Task instructions. Please transcribe, exactly and only, the lines of the records below from the one holding "this 1600×1067 image." to the very end.

***** Records shown *****

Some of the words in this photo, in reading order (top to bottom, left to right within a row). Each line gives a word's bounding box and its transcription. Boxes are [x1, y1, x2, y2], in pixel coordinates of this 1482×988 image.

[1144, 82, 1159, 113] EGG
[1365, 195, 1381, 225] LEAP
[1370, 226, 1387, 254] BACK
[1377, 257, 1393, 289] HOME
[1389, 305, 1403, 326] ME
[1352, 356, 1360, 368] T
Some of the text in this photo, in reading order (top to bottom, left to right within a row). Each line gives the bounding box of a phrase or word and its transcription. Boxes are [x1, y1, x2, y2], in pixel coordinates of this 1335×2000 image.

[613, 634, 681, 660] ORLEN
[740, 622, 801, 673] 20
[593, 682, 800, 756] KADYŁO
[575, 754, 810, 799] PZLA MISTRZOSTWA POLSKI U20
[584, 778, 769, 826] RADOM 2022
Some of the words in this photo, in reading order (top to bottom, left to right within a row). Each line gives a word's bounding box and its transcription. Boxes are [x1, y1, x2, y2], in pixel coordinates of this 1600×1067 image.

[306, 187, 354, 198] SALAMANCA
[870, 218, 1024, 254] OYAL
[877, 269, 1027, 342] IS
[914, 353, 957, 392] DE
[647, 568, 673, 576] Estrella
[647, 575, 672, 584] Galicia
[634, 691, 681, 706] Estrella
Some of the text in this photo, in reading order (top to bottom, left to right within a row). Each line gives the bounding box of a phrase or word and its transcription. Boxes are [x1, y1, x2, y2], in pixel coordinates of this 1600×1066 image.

*****

Result.
Some of the words in this photo, in reading order (top to bottom, left to right within a row). Each line gives a word's bounding box and its transcription. Boxes are [x1, y1, x2, y2], in pixel coordinates of this 1600×1067 image.

[306, 187, 354, 198] SALAMANCA
[870, 218, 1024, 254] OYAL
[877, 269, 1027, 342] IS
[914, 353, 957, 392] DE
[647, 568, 673, 576] Estrella
[647, 575, 672, 584] Galicia
[634, 691, 681, 706] Estrella
Some of the text in this photo, in reading order (top to bottom, left to right within a row). Each line gives the bounding box of a phrase or word and its transcription. Boxes are [x1, y1, x2, y2], in pixel coordinates of this 1600×1066 image.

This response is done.